Start of Block
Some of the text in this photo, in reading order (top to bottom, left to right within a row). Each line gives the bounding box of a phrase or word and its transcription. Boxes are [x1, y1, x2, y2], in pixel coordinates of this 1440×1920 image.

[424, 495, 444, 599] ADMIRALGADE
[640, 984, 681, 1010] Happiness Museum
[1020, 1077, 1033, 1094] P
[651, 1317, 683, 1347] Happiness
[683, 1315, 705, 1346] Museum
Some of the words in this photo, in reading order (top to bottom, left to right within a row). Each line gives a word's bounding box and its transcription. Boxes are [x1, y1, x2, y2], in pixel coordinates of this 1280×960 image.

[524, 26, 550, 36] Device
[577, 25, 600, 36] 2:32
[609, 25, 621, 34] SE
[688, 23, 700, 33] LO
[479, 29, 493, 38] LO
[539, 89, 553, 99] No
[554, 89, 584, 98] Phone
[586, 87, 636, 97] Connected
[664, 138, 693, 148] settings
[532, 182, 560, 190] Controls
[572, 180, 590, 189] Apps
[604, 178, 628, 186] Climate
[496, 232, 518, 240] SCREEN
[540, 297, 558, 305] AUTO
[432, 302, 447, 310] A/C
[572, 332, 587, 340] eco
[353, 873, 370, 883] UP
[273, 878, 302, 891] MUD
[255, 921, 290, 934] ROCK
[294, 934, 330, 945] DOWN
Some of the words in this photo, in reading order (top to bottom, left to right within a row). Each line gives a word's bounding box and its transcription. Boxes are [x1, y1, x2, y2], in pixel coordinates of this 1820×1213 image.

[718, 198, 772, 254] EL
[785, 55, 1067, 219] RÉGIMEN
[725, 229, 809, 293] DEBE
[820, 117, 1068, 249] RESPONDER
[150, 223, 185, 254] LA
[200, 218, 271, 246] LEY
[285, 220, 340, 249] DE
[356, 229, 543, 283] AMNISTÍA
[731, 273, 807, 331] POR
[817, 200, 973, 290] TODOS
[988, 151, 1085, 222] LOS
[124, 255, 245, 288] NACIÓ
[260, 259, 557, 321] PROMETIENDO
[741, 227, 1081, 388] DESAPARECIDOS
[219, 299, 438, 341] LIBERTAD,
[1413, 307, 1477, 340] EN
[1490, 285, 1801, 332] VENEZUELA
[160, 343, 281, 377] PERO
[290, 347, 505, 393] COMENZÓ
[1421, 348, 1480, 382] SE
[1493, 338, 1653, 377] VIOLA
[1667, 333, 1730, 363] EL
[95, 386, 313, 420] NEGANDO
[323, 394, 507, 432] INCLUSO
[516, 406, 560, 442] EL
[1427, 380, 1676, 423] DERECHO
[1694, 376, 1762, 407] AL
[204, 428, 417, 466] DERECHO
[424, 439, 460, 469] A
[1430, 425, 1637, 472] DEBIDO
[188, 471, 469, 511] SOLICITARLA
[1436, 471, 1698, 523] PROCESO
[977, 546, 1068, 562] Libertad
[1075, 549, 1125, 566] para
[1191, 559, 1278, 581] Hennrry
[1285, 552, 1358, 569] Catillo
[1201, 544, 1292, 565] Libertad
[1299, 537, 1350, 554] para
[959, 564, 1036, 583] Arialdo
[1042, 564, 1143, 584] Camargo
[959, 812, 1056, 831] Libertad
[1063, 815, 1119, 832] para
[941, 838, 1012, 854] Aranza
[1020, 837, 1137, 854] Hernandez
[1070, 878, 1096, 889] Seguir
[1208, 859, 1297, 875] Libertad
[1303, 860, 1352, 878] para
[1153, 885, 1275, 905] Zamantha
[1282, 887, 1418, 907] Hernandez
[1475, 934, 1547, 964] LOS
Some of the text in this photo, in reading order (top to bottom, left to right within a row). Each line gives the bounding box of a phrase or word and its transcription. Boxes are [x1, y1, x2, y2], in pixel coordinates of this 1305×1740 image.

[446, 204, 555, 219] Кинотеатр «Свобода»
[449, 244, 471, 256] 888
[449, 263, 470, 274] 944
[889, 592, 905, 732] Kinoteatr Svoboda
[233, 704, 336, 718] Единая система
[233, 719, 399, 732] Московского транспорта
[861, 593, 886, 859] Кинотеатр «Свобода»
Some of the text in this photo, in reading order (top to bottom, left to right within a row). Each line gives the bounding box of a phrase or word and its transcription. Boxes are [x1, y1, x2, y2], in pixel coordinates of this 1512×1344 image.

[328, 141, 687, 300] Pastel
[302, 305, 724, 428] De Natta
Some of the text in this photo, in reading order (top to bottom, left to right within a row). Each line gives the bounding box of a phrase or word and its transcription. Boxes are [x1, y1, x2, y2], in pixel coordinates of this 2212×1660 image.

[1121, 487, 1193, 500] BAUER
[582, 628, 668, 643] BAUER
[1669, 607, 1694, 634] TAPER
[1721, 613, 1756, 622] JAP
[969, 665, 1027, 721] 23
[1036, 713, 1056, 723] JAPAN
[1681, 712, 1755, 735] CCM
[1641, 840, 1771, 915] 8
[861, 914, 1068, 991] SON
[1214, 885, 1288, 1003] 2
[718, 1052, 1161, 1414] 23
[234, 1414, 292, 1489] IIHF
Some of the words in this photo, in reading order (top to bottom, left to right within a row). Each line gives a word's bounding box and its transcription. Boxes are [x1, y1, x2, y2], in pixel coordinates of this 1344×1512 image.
End of Block
## Task item
Could you restate the listing above word for word?

## Result
Some of the text in this photo, in reading order (top to bottom, left to right within a row). Each line gives the bounding box of a phrase or word and its transcription. Boxes are [x1, y1, x2, y2], in pixel coordinates of this 1440×1920 image.

[424, 495, 444, 599] ADMIRALGADE
[640, 984, 681, 1010] Happiness Museum
[1020, 1077, 1033, 1094] P
[651, 1317, 683, 1347] Happiness
[683, 1315, 705, 1346] Museum
Some of the words in this photo, in reading order (top to bottom, left to right within a row). Each line gives a word's bounding box and its transcription. Boxes are [x1, y1, x2, y2], in pixel coordinates of this 1280×960 image.

[524, 26, 550, 36] Device
[577, 25, 600, 36] 2:32
[609, 25, 621, 34] SE
[688, 23, 700, 33] LO
[479, 29, 493, 38] LO
[539, 89, 553, 99] No
[554, 89, 584, 98] Phone
[586, 87, 636, 97] Connected
[664, 138, 693, 148] settings
[532, 182, 560, 190] Controls
[572, 180, 590, 189] Apps
[604, 178, 628, 186] Climate
[496, 232, 518, 240] SCREEN
[540, 297, 558, 305] AUTO
[432, 302, 447, 310] A/C
[572, 332, 587, 340] eco
[353, 873, 370, 883] UP
[273, 878, 302, 891] MUD
[255, 921, 290, 934] ROCK
[294, 934, 330, 945] DOWN
Some of the words in this photo, in reading order (top to bottom, left to right within a row). Each line gives a word's bounding box and its transcription. Boxes are [x1, y1, x2, y2], in pixel coordinates of this 1820×1213 image.

[718, 198, 772, 254] EL
[785, 55, 1067, 219] RÉGIMEN
[725, 229, 809, 293] DEBE
[820, 117, 1068, 249] RESPONDER
[150, 223, 185, 254] LA
[200, 218, 271, 246] LEY
[285, 220, 340, 249] DE
[356, 229, 543, 283] AMNISTÍA
[731, 273, 807, 331] POR
[817, 200, 973, 290] TODOS
[988, 151, 1085, 222] LOS
[124, 255, 245, 288] NACIÓ
[260, 259, 557, 321] PROMETIENDO
[741, 227, 1081, 388] DESAPARECIDOS
[219, 299, 438, 341] LIBERTAD,
[1413, 307, 1477, 340] EN
[1490, 285, 1801, 332] VENEZUELA
[160, 343, 281, 377] PERO
[290, 347, 505, 393] COMENZÓ
[1421, 348, 1480, 382] SE
[1493, 338, 1653, 377] VIOLA
[1667, 333, 1730, 363] EL
[95, 386, 313, 420] NEGANDO
[323, 394, 507, 432] INCLUSO
[516, 406, 560, 442] EL
[1427, 380, 1676, 423] DERECHO
[1694, 376, 1762, 407] AL
[204, 428, 417, 466] DERECHO
[424, 439, 460, 469] A
[1430, 425, 1637, 472] DEBIDO
[188, 471, 469, 511] SOLICITARLA
[1436, 471, 1698, 523] PROCESO
[977, 546, 1068, 562] Libertad
[1075, 549, 1125, 566] para
[1191, 559, 1278, 581] Hennrry
[1285, 552, 1358, 569] Catillo
[1201, 544, 1292, 565] Libertad
[1299, 537, 1350, 554] para
[959, 564, 1036, 583] Arialdo
[1042, 564, 1143, 584] Camargo
[959, 812, 1056, 831] Libertad
[1063, 815, 1119, 832] para
[941, 838, 1012, 854] Aranza
[1020, 837, 1137, 854] Hernandez
[1070, 878, 1096, 889] Seguir
[1208, 859, 1297, 875] Libertad
[1303, 860, 1352, 878] para
[1153, 885, 1275, 905] Zamantha
[1282, 887, 1418, 907] Hernandez
[1475, 934, 1547, 964] LOS
Some of the text in this photo, in reading order (top to bottom, left to right within a row). Each line gives the bounding box of a phrase or word and its transcription. Boxes are [x1, y1, x2, y2], in pixel coordinates of this 1305×1740 image.

[446, 204, 555, 219] Кинотеатр «Свобода»
[449, 244, 471, 256] 888
[449, 263, 470, 274] 944
[889, 592, 905, 732] Kinoteatr Svoboda
[233, 704, 336, 718] Единая система
[233, 719, 399, 732] Московского транспорта
[861, 593, 886, 859] Кинотеатр «Свобода»
Some of the text in this photo, in reading order (top to bottom, left to right within a row). Each line gives the bounding box of a phrase or word and its transcription. Boxes are [x1, y1, x2, y2], in pixel coordinates of this 1512×1344 image.

[328, 141, 687, 300] Pastel
[302, 305, 724, 428] De Natta
Some of the text in this photo, in reading order (top to bottom, left to right within a row). Each line gives the bounding box of a phrase or word and its transcription. Boxes are [x1, y1, x2, y2], in pixel coordinates of this 2212×1660 image.

[1121, 487, 1193, 500] BAUER
[582, 628, 668, 643] BAUER
[1669, 607, 1694, 634] TAPER
[1721, 613, 1756, 622] JAP
[969, 665, 1027, 721] 23
[1036, 713, 1056, 723] JAPAN
[1681, 712, 1755, 735] CCM
[1641, 840, 1771, 915] 8
[861, 914, 1068, 991] SON
[1214, 885, 1288, 1003] 2
[718, 1052, 1161, 1414] 23
[234, 1414, 292, 1489] IIHF
Some of the words in this photo, in reading order (top to bottom, left to right within a row). Each line gives a word's bounding box and its transcription. Boxes are [x1, y1, x2, y2], in pixel coordinates of this 1344×1512 image.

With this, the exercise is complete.